The deployed dist/ was built on April 28 from a worktree branch.
PR #16 (the SIEM cutover, May 7) had dropped /api/dns/query-log and its SQLite-backed cursor scheme.

The frontend had been calling a route that didn't exist for two days. I just hadn't loaded the DNS tab in that window. CI had stayed green the whole time because CI builds the frontend against the current backend; the deployed frontend was not the current frontend.

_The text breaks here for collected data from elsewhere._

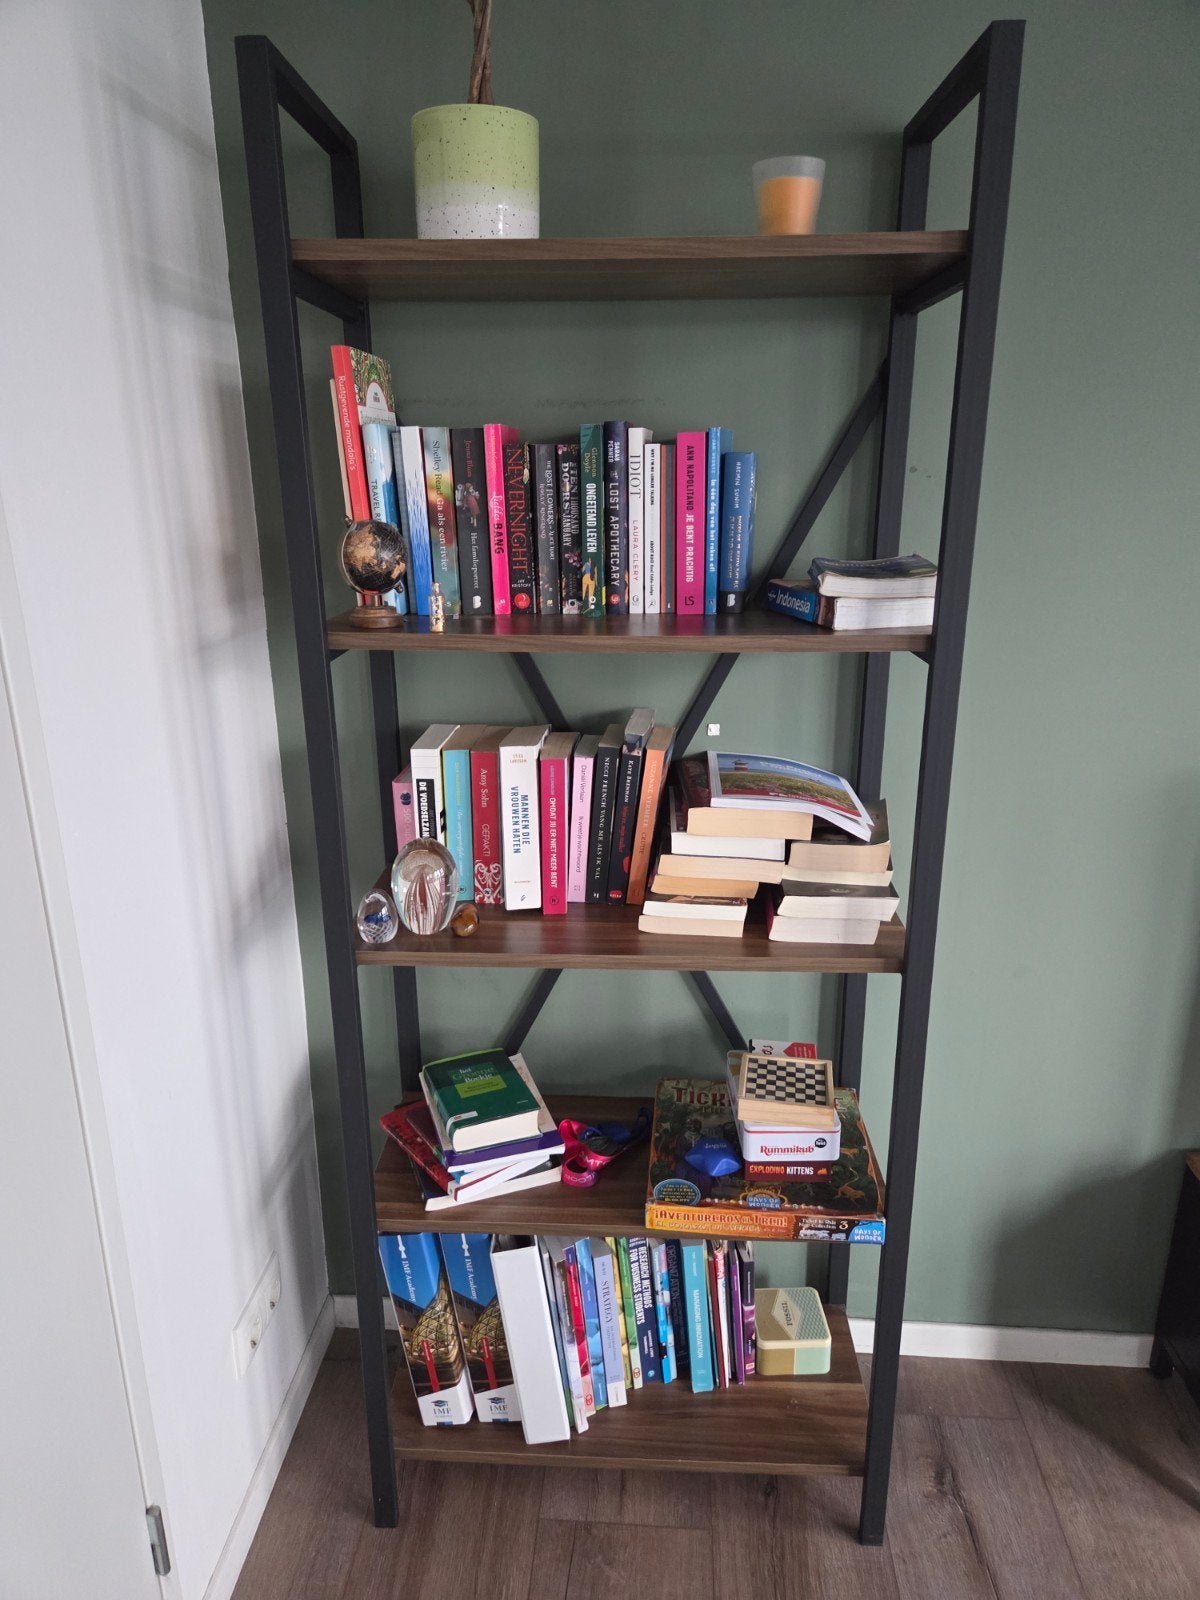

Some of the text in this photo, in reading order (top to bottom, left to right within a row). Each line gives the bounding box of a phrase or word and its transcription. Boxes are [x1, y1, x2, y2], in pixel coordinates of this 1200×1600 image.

[337, 375, 357, 471] Rustgevende mandala's
[584, 451, 592, 473] Doyle
[629, 453, 642, 498] IDIOT
[545, 469, 554, 488] LOST
[570, 469, 579, 493] TEN
[370, 480, 381, 510] TRAVEL
[431, 440, 450, 572] Shelley Read Ga als een rivier
[507, 448, 529, 574] NEVERNIGHT
[547, 488, 556, 525] FLOWERS
[609, 482, 620, 510] LOST
[562, 513, 571, 547] JANUARY
[586, 482, 598, 552] ONGETEMD LEVEN
[685, 445, 695, 583] ANN NAPOLITANO JE BENT PRACHTIG
[494, 522, 505, 554] BANG
[609, 514, 621, 585] APOTHECARY
[470, 530, 481, 591] Het familieportret
[776, 589, 811, 614] Indonesia
[603, 757, 611, 778] NICCI
[624, 760, 635, 803] KATE BRENNAN
[479, 768, 489, 808] Amy Sohn
[600, 779, 609, 808] FRENCH
[419, 781, 430, 838] DE VOEDSELZAN
[510, 786, 522, 854] VROUWEN HATEN
[521, 794, 531, 845] MANNEN DIE
[549, 797, 557, 820] OMDAT
[481, 823, 491, 857] GEPAKT!
[549, 828, 557, 838] ER
[597, 830, 604, 841] ME
[550, 853, 558, 871] MEER
[596, 857, 603, 865] IK
[550, 871, 558, 888] BENT
[760, 1144, 815, 1156] Rummikub
[749, 1165, 814, 1175] EXPLODING KITTENS
[839, 1220, 849, 1230] 3
[629, 1249, 638, 1262] FOR
[638, 1246, 648, 1279] RESEARCH
[402, 1260, 416, 1304] IMF Academy
[464, 1258, 478, 1301] IMF Academy
[630, 1262, 642, 1293] BUSINESS
[666, 1245, 680, 1300] ORGANIZATION
[602, 1280, 613, 1324] STRATEGY
[633, 1293, 645, 1325] STUDENTS
[642, 1279, 653, 1309] METHODS
[693, 1289, 704, 1359] MANAGING INNOVATION
[434, 1407, 451, 1415] IMF
[490, 1404, 508, 1412] IMF

`start-frontend.sh` only rebuilds when dist/ is missing

The launchd job that fronts the dashboard runs vite preview against frontend/dist/. The wrapper script only triggers npm run build when dist/ is missing or stale relative to package.json, not when source files have changed since the last build. The fix when source has shifted is explicit: npm run build && launchctl kickstart -k gui/$UID/com.chris2ao.homenet-dashboard-frontend. Same shape as the Phase 1.1 prod-smoke lesson: the deployed artifact is its own thing, not a derivative of the latest commit.

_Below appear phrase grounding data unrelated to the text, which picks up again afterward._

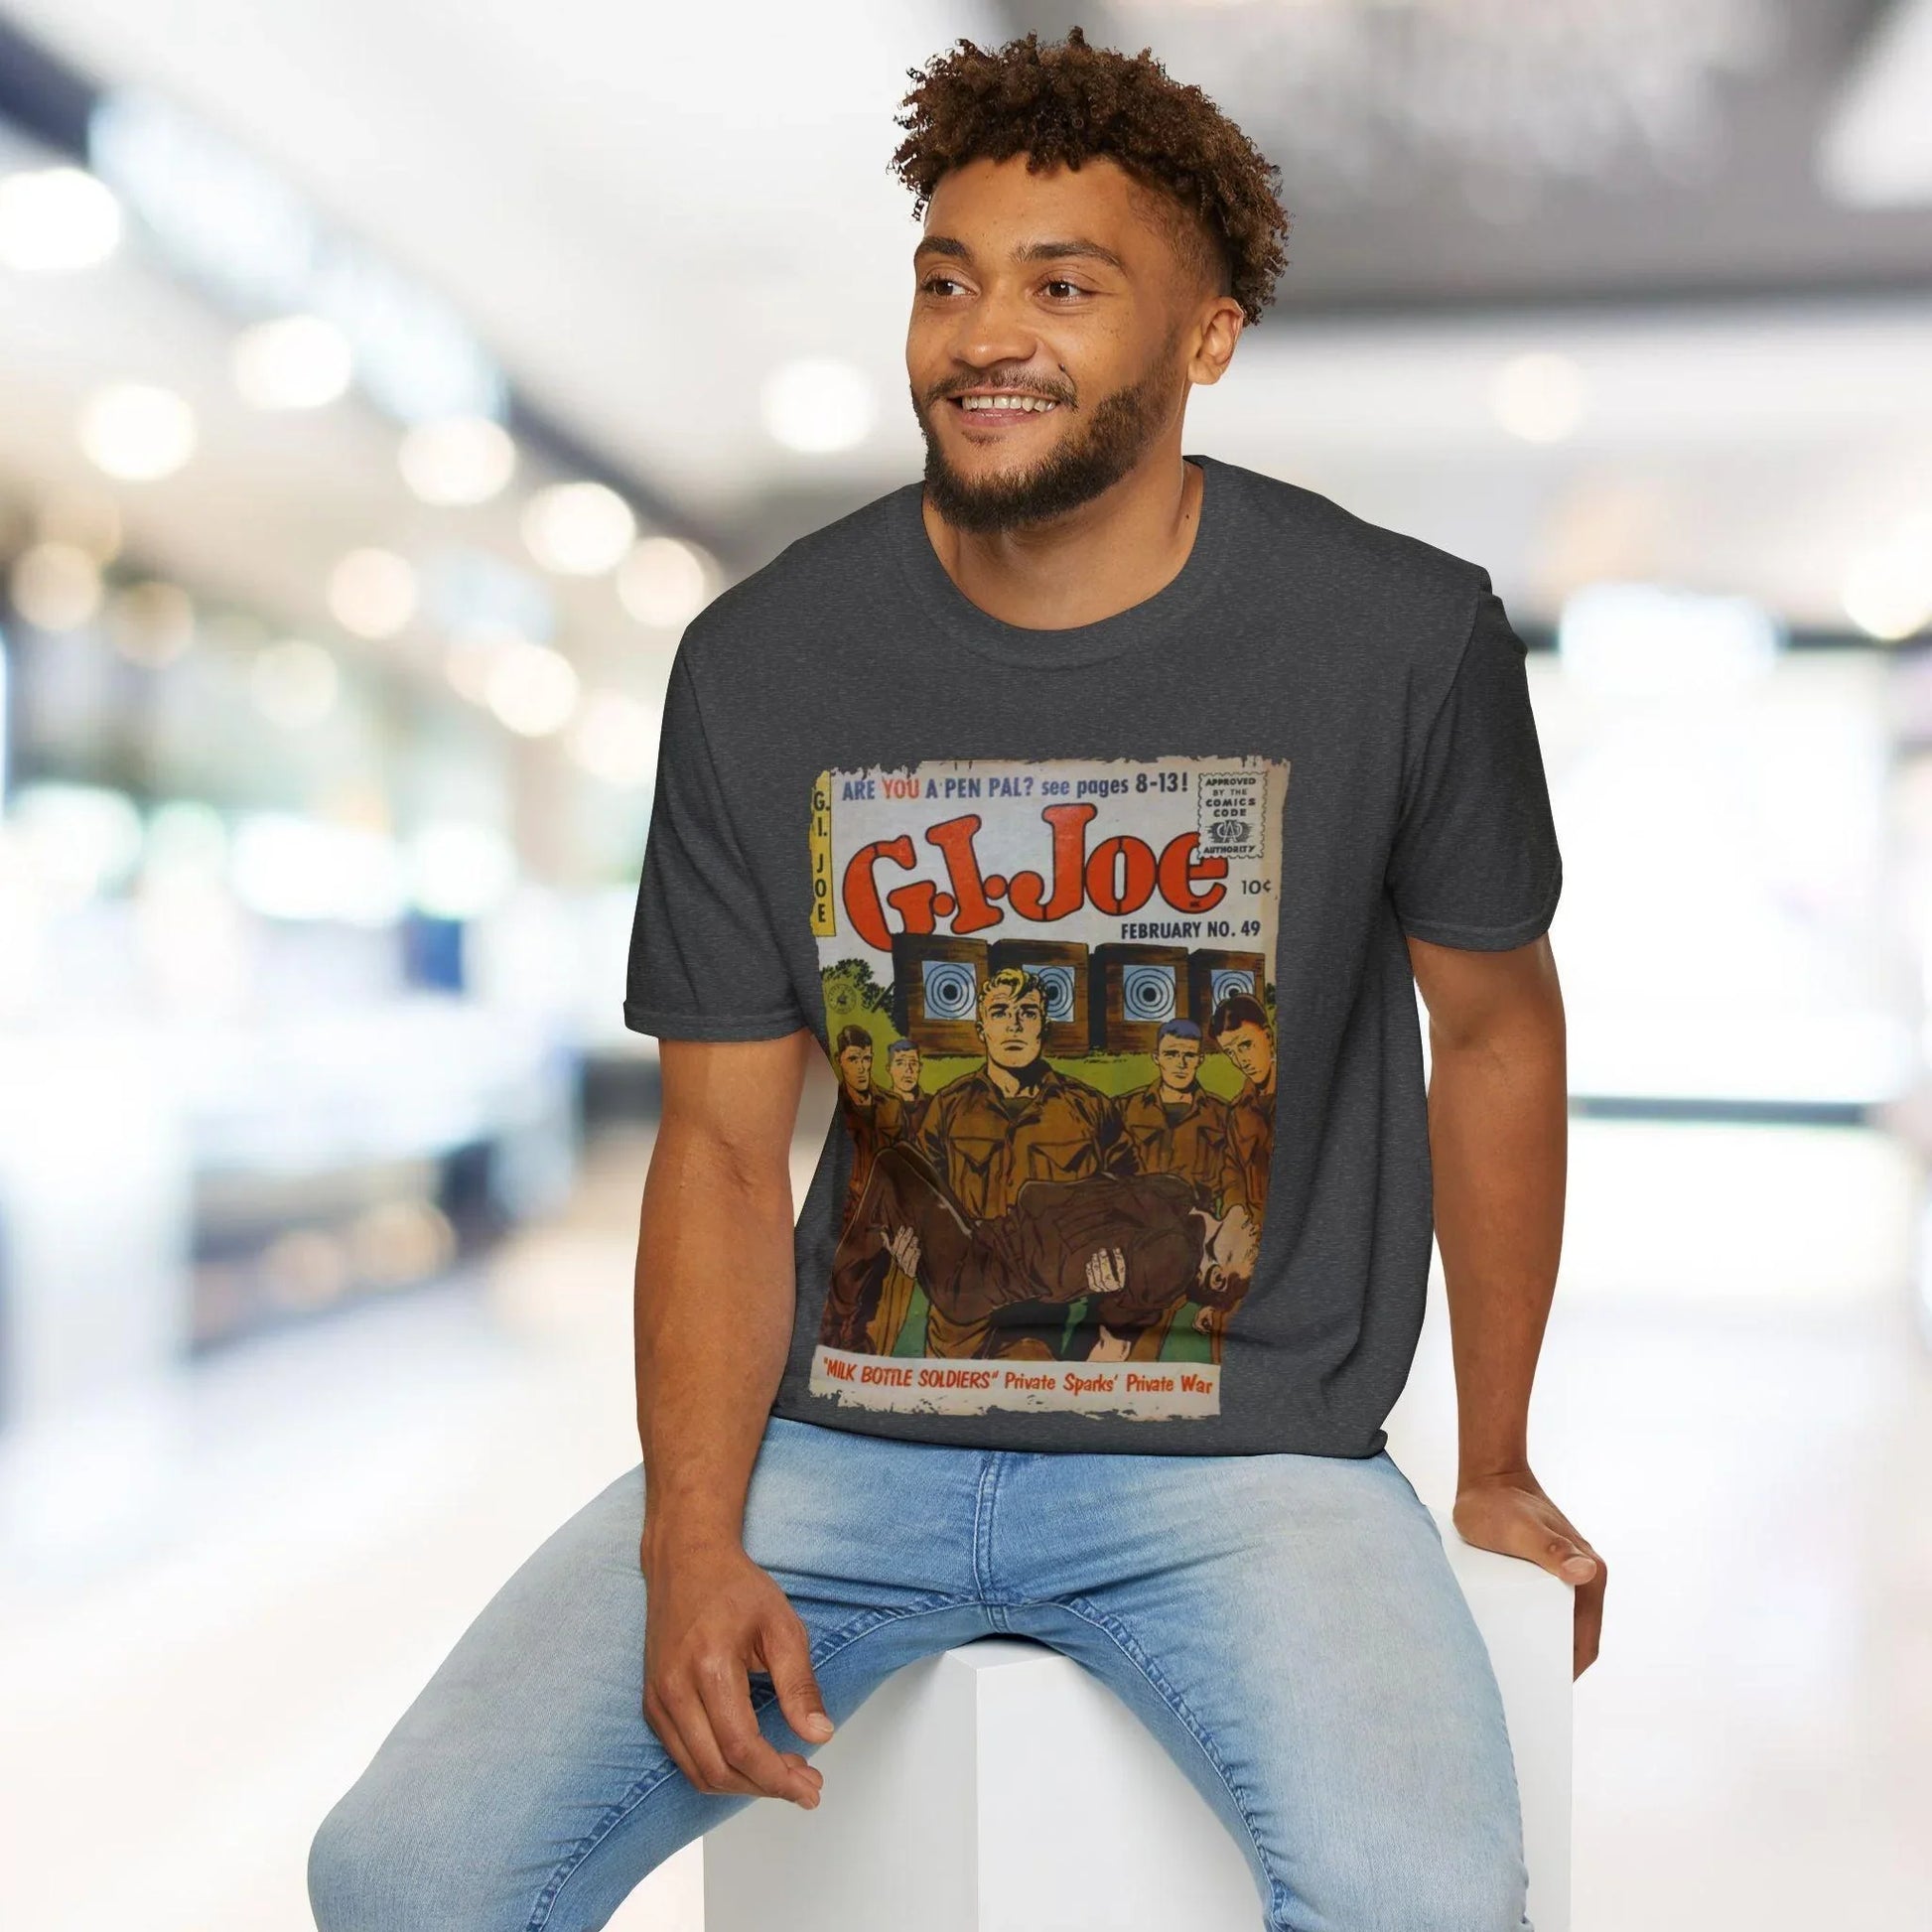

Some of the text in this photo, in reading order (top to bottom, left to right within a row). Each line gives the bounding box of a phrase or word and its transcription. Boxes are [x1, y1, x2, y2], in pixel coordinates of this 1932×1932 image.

[842, 771, 1188, 801] ARE YOU A PEN PAL? see pages 8-13!
[1205, 777, 1257, 786] APPROVED
[1212, 788, 1225, 797] BY
[1205, 797, 1256, 807] COMICS
[1213, 808, 1247, 817] CODE
[1203, 845, 1256, 854] AUTHORITY
[1241, 879, 1272, 895] 10¢
[1121, 920, 1261, 939] FEBRUARY NO. 49
[823, 1356, 1213, 1396] "MILK BOTTLE SOLDIERS" Private Sparks' Private War

The dist rebuild was a one-line fix. The endpoint was the real problem, and rebuilding the deployed frontend would just make a working UI call a non-existent route faster. The cutover had dropped a feature without replacing it. A SIEM you can't search is an archive.

That's where the session pivoted from "fix the broken dist" to "build the replacement endpoint that should have shipped with the cutover."

The Brainstorming Workflow Earned Its Keep#

Before I touched any code, I ran the project's brainstorming workflow. The dashboard repo has a docs/plans/brainstorming-decisions.md file that's been the load-bearing artifact across every Phase since Phase 2. The pattern: think the problem out loud through mcp__sequential-thinking, surface the decisions you're not sure about with AskUserQuestion, write a plan doc, and append a versioned amendment to the decision log so future-me has the full reasoning. Phase 3 used the same workflow when the slice menu was being assembled. Phase 1.1 used it for the Wave 0 wire-shape decisions. This session ran it again.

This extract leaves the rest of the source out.